ANDERSON COOPER IS PRETTY METAL
01.19.10Anderson Cooper is in Port-au-Prince as part of CNN’s extensive coverage of the aftermath of the disastrous earthquake that has left the country in chaotic ruins. (Cooper described the scene as “hellish, but not as bad as New Year’s Eve with Kathy Griffin.”) In the video below, Cooper pulls a boy away from a looting scene after the young man suffered a bloody head injury. It’s all very heroic-seeming, until Wolf Blitzer delivers the denoument:
“Anderson tells us that boy was led away by other people; we don’t know what happened.”
Dammit, you handsome gay silver fox! You have to follow through with these things. “What? I figured he’d be okay. Sure, he was bleeding profusely from his head, but the medical infrastructure in the country is still intact, right?”
On a more serious note, that’s a hell of a lot more than I’ve done for anyone in Haiti, so I can’t really criticize anyone’s decisions on the ground there. In better news, the U.S. Marines have joined the relief effort, and if anyone can un-f*ck the chickensh*t operation of the UN, it’s the Marines. Haha, just kidding. NO ONE can un-f*ck the UN.
(If you haven’t really followed the Haiti story, these graphic pictures will catch you up to speed in a hurry.
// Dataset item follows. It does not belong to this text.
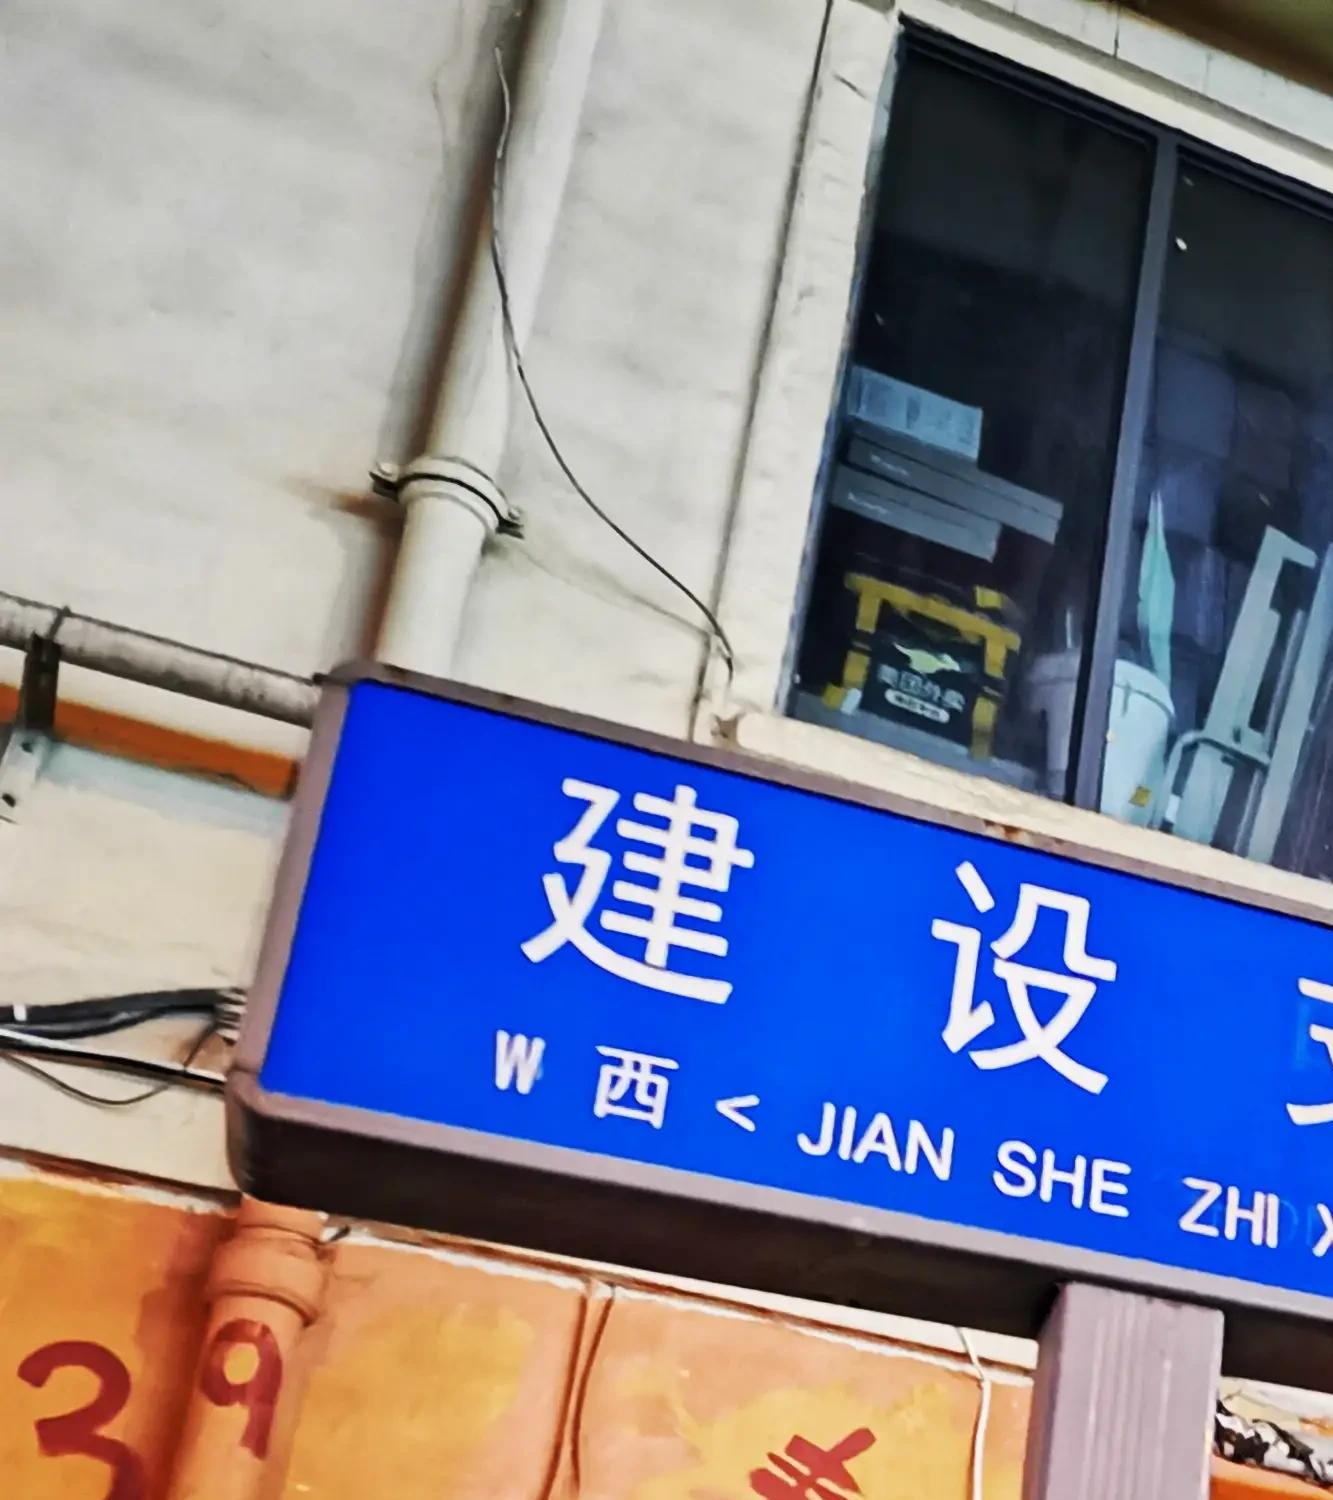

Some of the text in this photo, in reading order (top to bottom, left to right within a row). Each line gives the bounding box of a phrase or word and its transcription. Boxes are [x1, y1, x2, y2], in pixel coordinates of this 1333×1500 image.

Warning: do NOT click that link if you’re a pussy.)
UPDATE: more photos and Cooper’s take on the situation over at his blog.
(video via BuzzFeed)


Anderson Cooper, humanitarian!
What, no pics of Anderson’s cushy sleeping and dining arrangements?
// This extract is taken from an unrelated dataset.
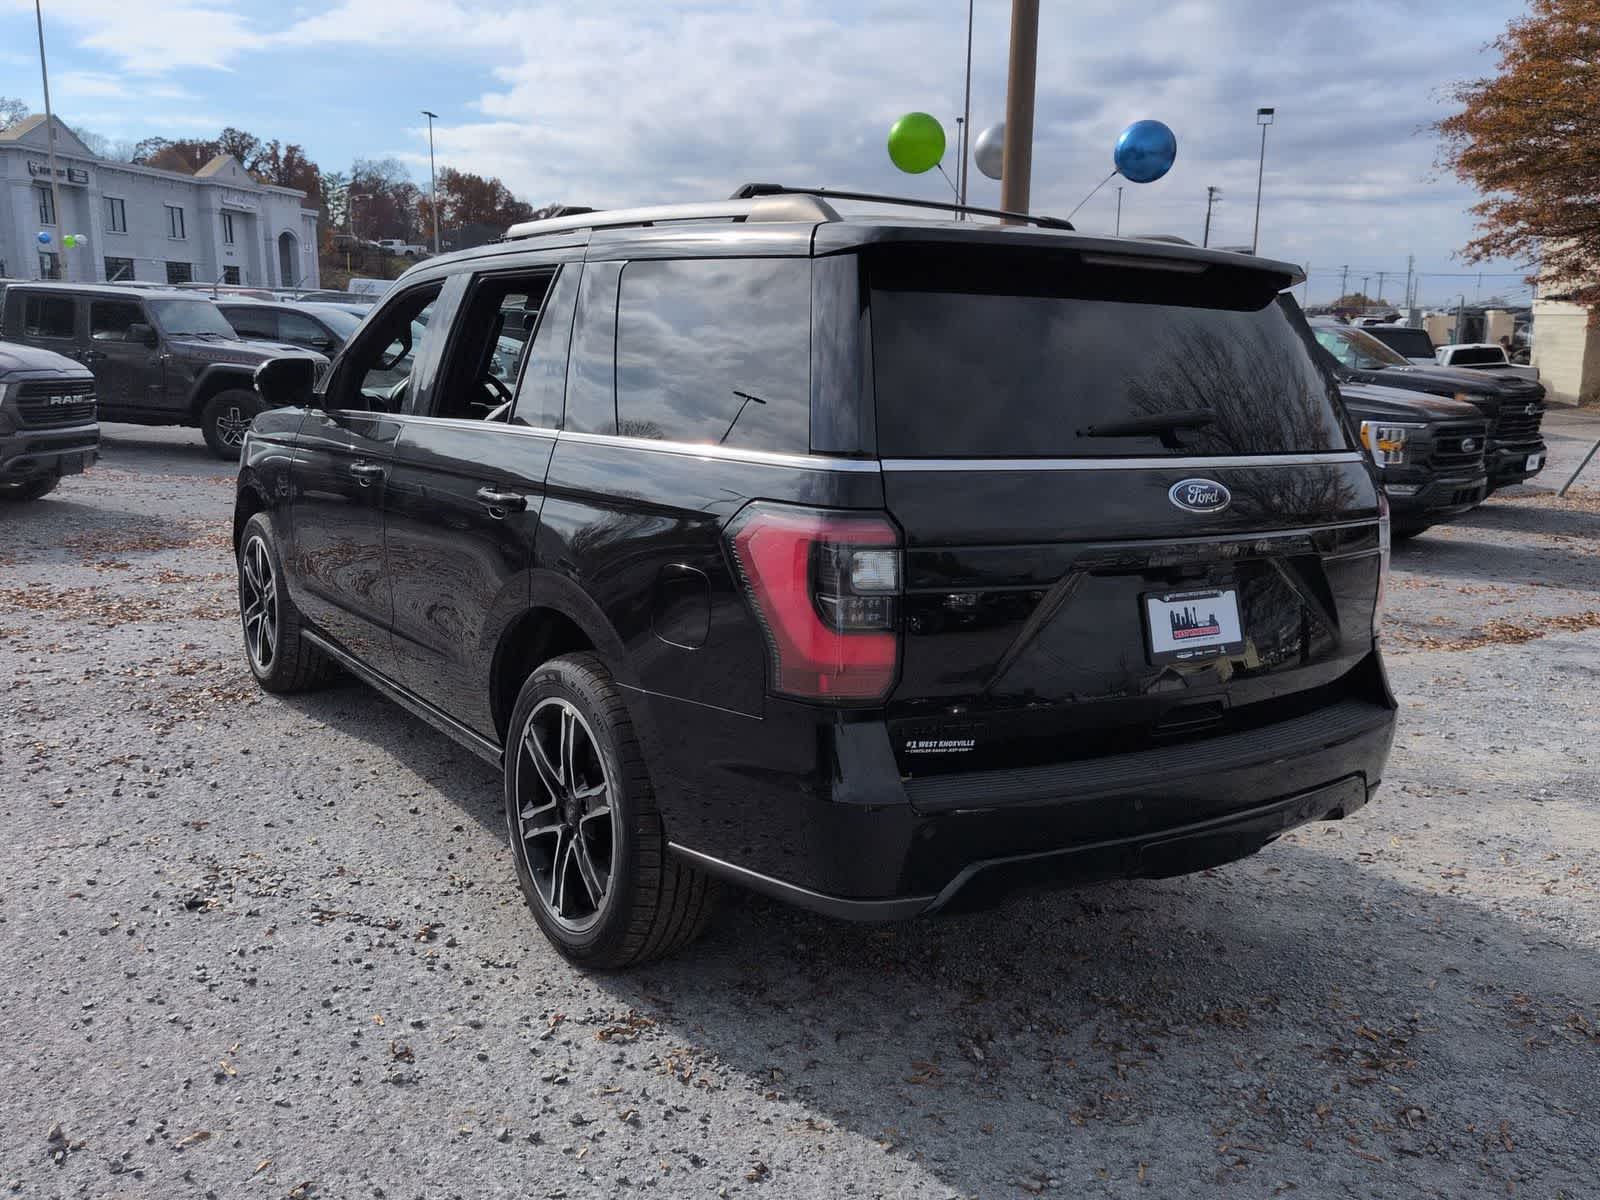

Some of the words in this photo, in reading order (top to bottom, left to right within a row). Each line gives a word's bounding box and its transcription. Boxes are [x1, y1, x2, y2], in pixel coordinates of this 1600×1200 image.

[50, 395, 83, 405] RAM
[1187, 485, 1219, 504] Ford
[938, 739, 975, 748] KNOXVILLE
only slightly cooler than the ‘journalist’ in the first Die Hard movie:
“Either you let us in right now, or I call the INS.”
For boxes of candles?
Also, how do we know AC is not getting in on the looting action by well, looting a po’ black boy…I’m sayin that I’m just sayin.
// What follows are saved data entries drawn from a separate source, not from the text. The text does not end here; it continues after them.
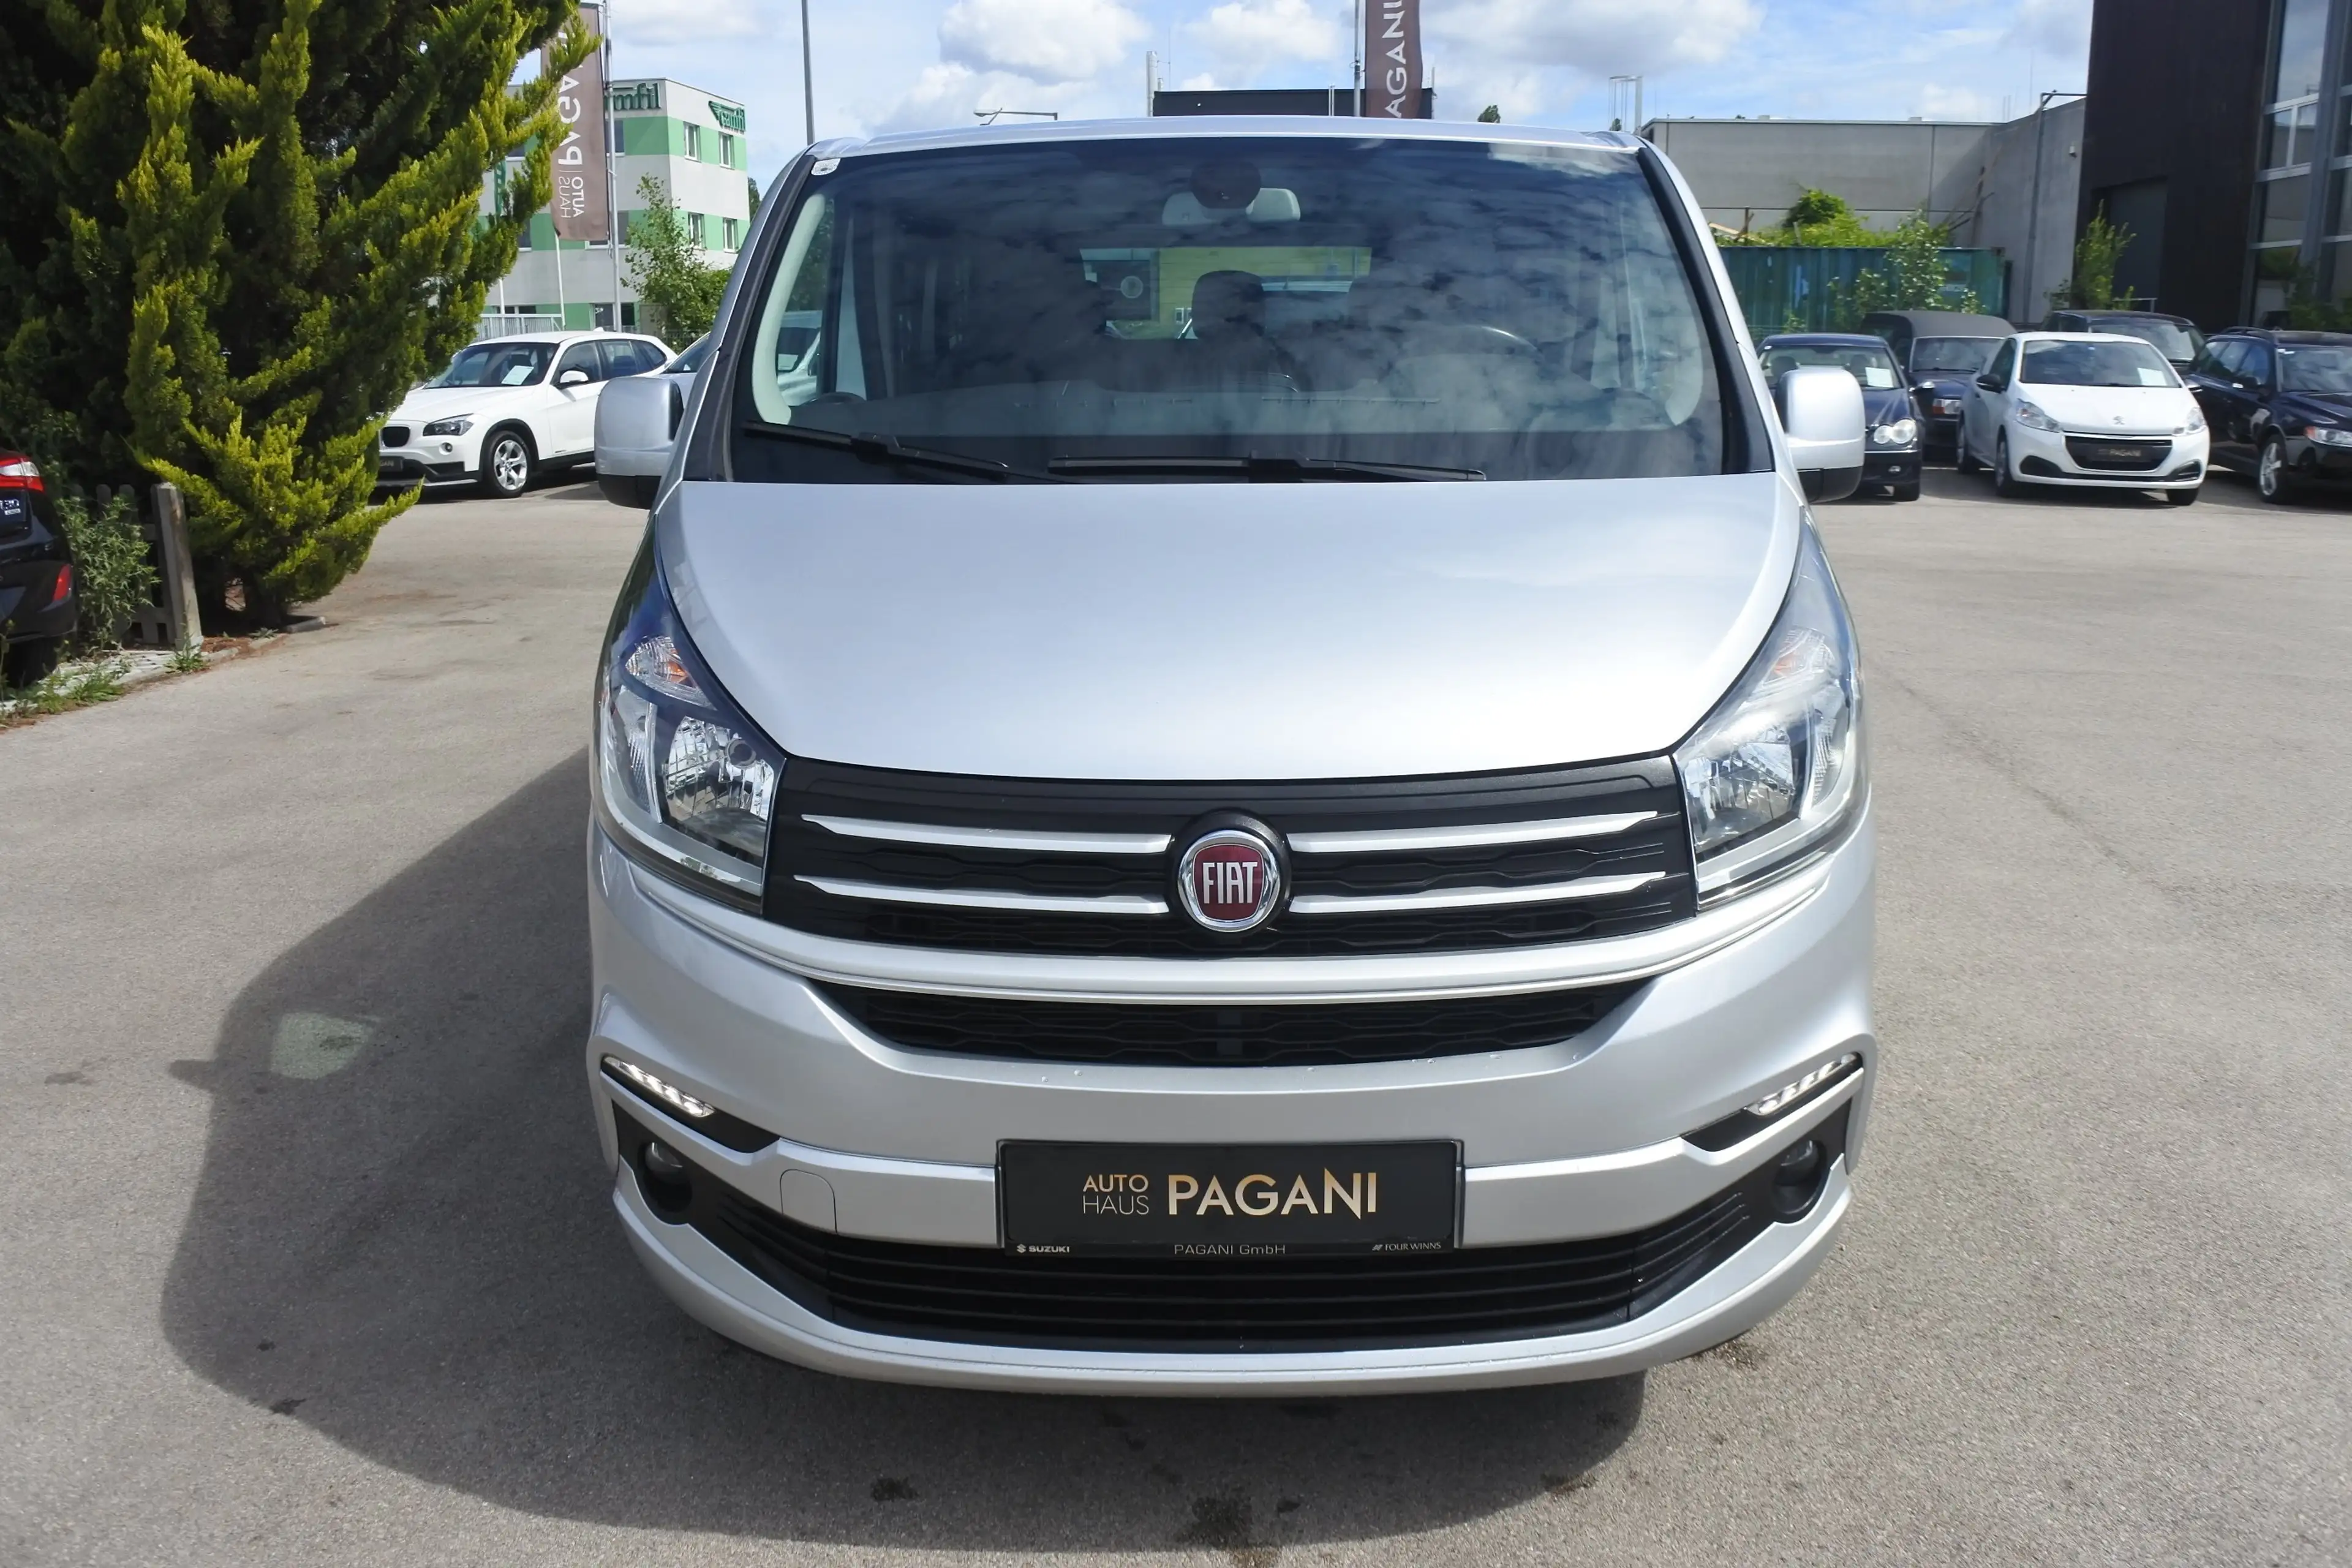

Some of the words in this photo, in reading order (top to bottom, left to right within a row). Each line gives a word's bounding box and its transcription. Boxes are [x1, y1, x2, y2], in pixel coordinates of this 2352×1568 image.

[1202, 862, 1258, 904] FIAT
[1082, 1174, 1149, 1193] AUTO
[1168, 1167, 1377, 1220] PAGANI
[1082, 1195, 1150, 1215] HAUS
[1174, 1244, 1234, 1255] PAGANI
[1239, 1244, 1286, 1255] GmbH
[1410, 1242, 1442, 1250] WINNS
Can someone please ‘shop an angry Pedobear into the left side of the pic, preferably really, really angry and staring straight at AC.
Looks like Port au Potty to me….
That panicked look on dreamy Anderson Cooper’s face is the exact reason I volunteer with my local fire department: so that I can do more than look pretty when disaster strikes. I mean, way to remove the kid from the scene, but AC seemed like he was hyperventilating a bit himself. My point is: the end is nigh, y’all – get yourself some real skillz. in related news, after being “led away by others,” I’m guessing a head injury is the least of that kid’s problems.
I just looked at that slideshow that Matt linked to. I’m going to go home and hug my cat, my husband, my TV, my tap water, my college diploma, my closet full of ironic sweaters that I never wear, and all the re-bar in my apartment building.
This incident could be as staged as…the name of some over-the-top Broadway musical (help me out, Anderson Cooper), but I’m convinced his biceps could foster world peace.
A man will go to great lengths to sodomize young, bloody boys.
LOOK AT ALL THE DAH-KIES LOOTING! ITS LIKE AFTER THE SAWX WON THE SERIES IN 2004!
Burnsy — George Clooney’s got this one, it’s his turn.
Wow, he saved that kid AND his hair still looks good…just like on tv!
Where the fuck is Sean Penn?
After viewing those images I’ve come to the conclusion that I am, in fact, a pussy.
No one saves lives like an organization designed to kill people in the most efficient way possible!